### Source material
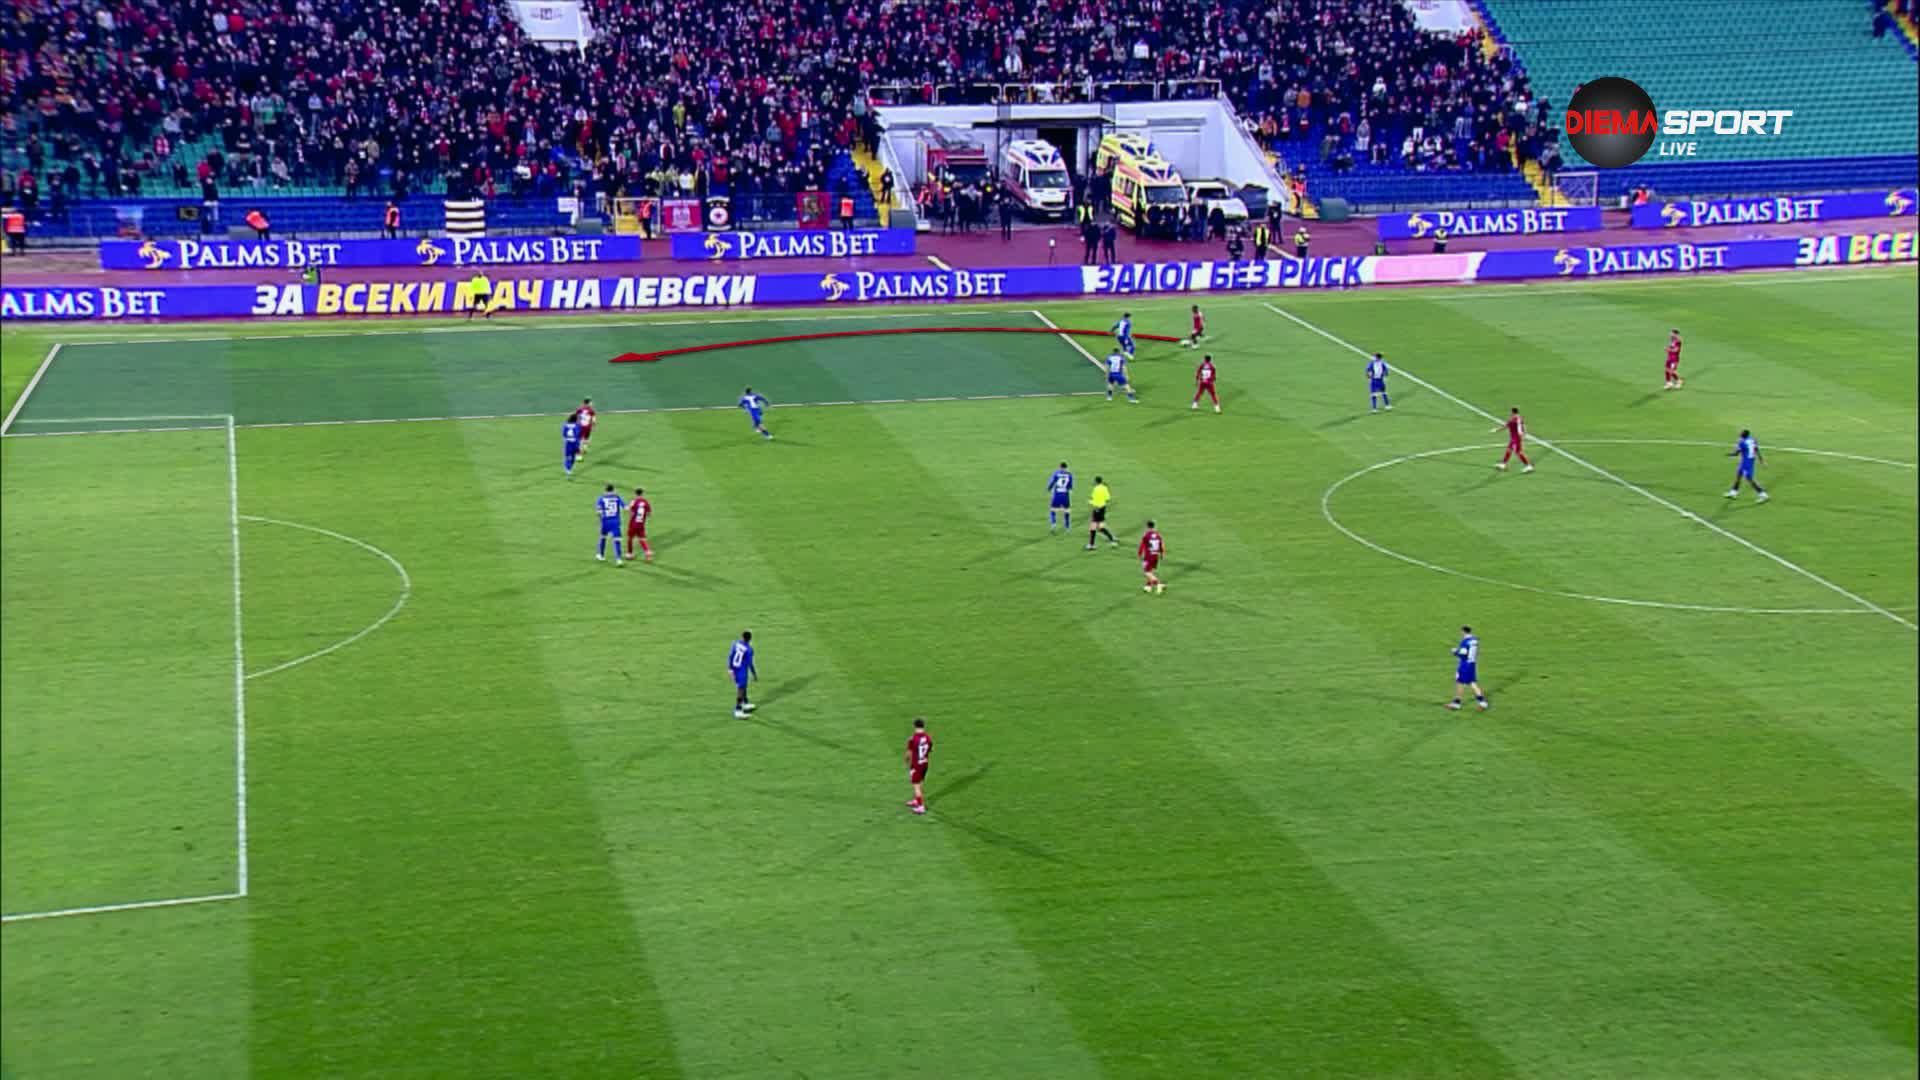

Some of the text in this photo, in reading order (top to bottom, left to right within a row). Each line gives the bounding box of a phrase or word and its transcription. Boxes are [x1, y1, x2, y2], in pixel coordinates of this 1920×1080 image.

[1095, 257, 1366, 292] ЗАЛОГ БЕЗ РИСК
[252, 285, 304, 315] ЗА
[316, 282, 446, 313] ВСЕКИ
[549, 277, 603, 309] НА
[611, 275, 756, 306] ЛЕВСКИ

### Directions
A word-for-word copy of every entry, with the pictures left out, is the required answer.

### Solved exercise
Some of the text in this photo, in reading order (top to bottom, left to right within a row). Each line gives the bounding box of a phrase or word and its transcription. Boxes are [x1, y1, x2, y2], in pixel coordinates of this 1920×1080 image.

[1095, 257, 1366, 292] ЗАЛОГ БЕЗ РИСК
[252, 285, 304, 315] ЗА
[316, 282, 446, 313] ВСЕКИ
[549, 277, 603, 309] НА
[611, 275, 756, 306] ЛЕВСКИ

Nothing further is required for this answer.